## [Required action]
The result should be an exact copy of the data, free of pictures.

######

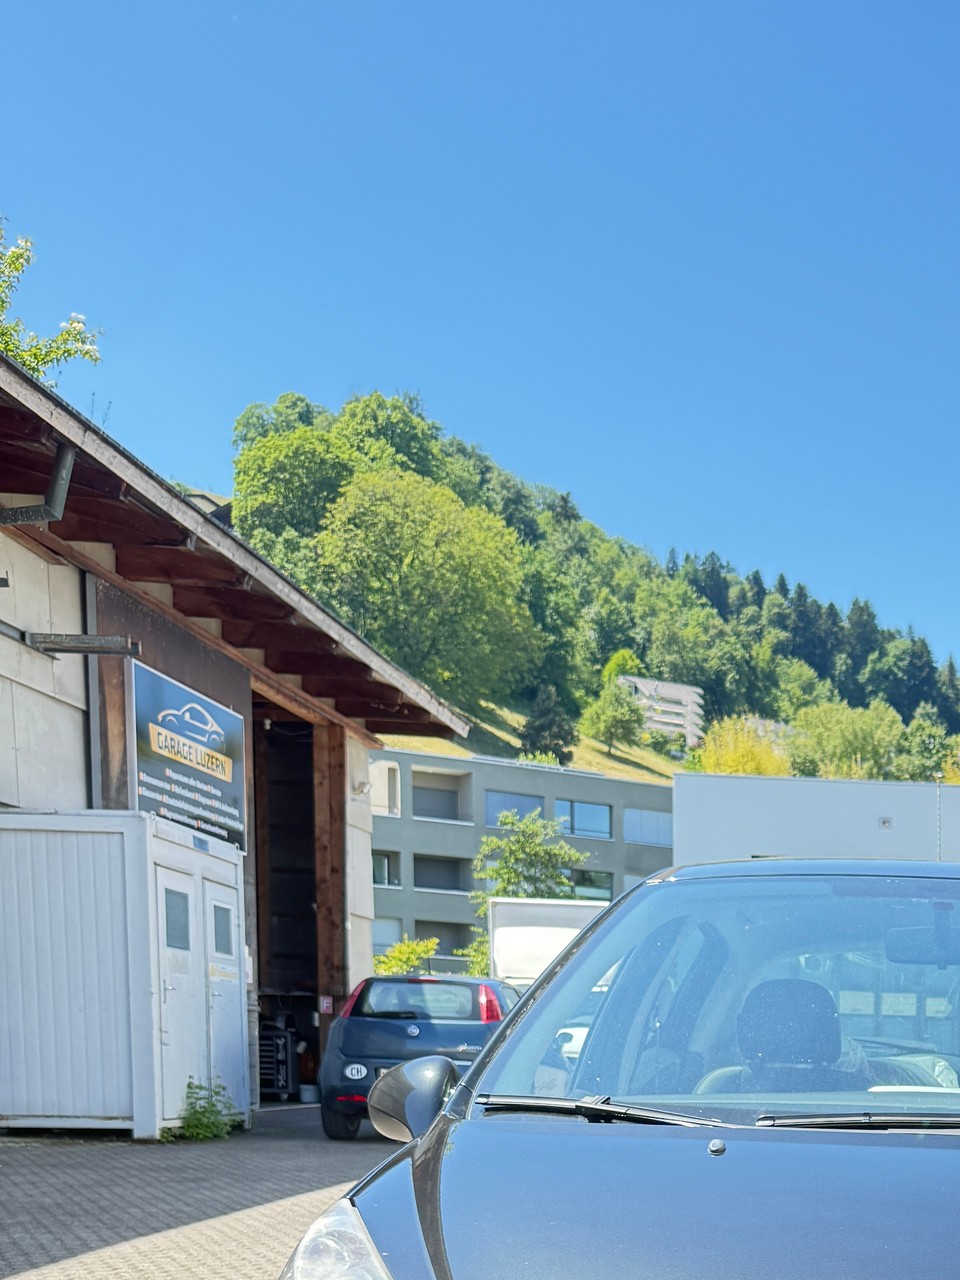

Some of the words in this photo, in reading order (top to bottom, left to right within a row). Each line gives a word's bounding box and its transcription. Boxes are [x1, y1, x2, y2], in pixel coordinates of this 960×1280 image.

[157, 732, 193, 762] GARAGE
[196, 746, 227, 777] LUZERN
[350, 1067, 363, 1077] CH
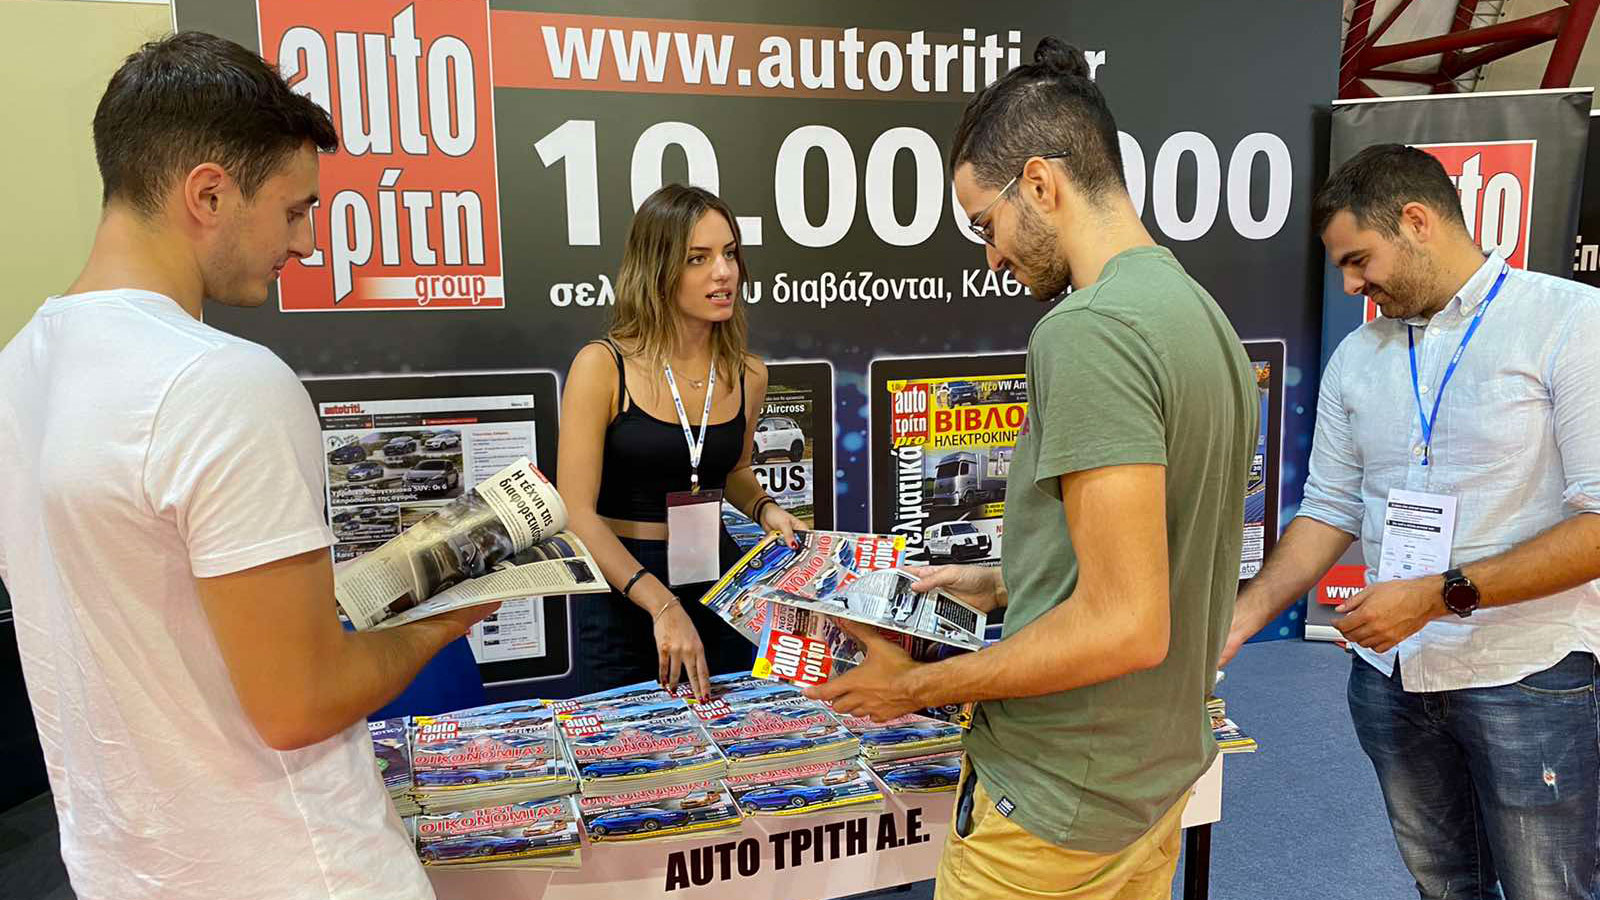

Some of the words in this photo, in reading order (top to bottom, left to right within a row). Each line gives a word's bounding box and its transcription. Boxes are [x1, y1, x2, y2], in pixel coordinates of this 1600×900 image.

[541, 25, 1106, 93] www.autotritir
[278, 2, 476, 157] auto
[1450, 152, 1523, 260] to
[415, 275, 486, 305] group
[550, 274, 616, 307] σελ
[772, 271, 952, 308] διαβάζονται,
[963, 269, 1032, 298] ΚΑΘ
[998, 380, 1012, 391] VW
[1013, 379, 1028, 389] Am
[766, 403, 805, 414] Aircross
[895, 386, 926, 414] auto
[895, 414, 926, 437] τρίτη
[935, 405, 1025, 433] ΒΙΒΛΟ
[893, 436, 926, 449] pro
[935, 430, 1019, 447] ΗΛΕΚΤΡΟΚΙΝΗ
[511, 469, 526, 481] Η
[520, 479, 546, 510] τέχνη
[541, 508, 554, 527] της
[874, 540, 895, 569] auto
[771, 635, 804, 678] auto
[801, 641, 828, 683] τρίτη
[693, 699, 724, 712] auto
[423, 723, 456, 734] auto
[565, 715, 598, 728] auto
[567, 725, 601, 736] τρίτη
[421, 732, 455, 743] τρίτη
[419, 806, 562, 834] ΟΙΚΟΝΟΜΙΑΣ
[665, 837, 760, 891] AUTO

######

## [Task output]
Some of the words in this photo, in reading order (top to bottom, left to right within a row). Each line gives a word's bounding box and its transcription. Boxes are [x1, y1, x2, y2], in pixel coordinates of this 960×1280 image.

[157, 732, 193, 762] GARAGE
[196, 746, 227, 777] LUZERN
[350, 1067, 363, 1077] CH

Some of the words in this photo, in reading order (top to bottom, left to right within a row). Each line gives a word's bounding box and its transcription. Boxes are [x1, y1, x2, y2], in pixel coordinates of this 1600×900 image.

[541, 25, 1106, 93] www.autotritir
[278, 2, 476, 157] auto
[1450, 152, 1523, 260] to
[415, 275, 486, 305] group
[550, 274, 616, 307] σελ
[772, 271, 952, 308] διαβάζονται,
[963, 269, 1032, 298] ΚΑΘ
[998, 380, 1012, 391] VW
[1013, 379, 1028, 389] Am
[766, 403, 805, 414] Aircross
[895, 386, 926, 414] auto
[895, 414, 926, 437] τρίτη
[935, 405, 1025, 433] ΒΙΒΛΟ
[893, 436, 926, 449] pro
[935, 430, 1019, 447] ΗΛΕΚΤΡΟΚΙΝΗ
[511, 469, 526, 481] Η
[520, 479, 546, 510] τέχνη
[541, 508, 554, 527] της
[874, 540, 895, 569] auto
[771, 635, 804, 678] auto
[801, 641, 828, 683] τρίτη
[693, 699, 724, 712] auto
[423, 723, 456, 734] auto
[565, 715, 598, 728] auto
[567, 725, 601, 736] τρίτη
[421, 732, 455, 743] τρίτη
[419, 806, 562, 834] ΟΙΚΟΝΟΜΙΑΣ
[665, 837, 760, 891] AUTO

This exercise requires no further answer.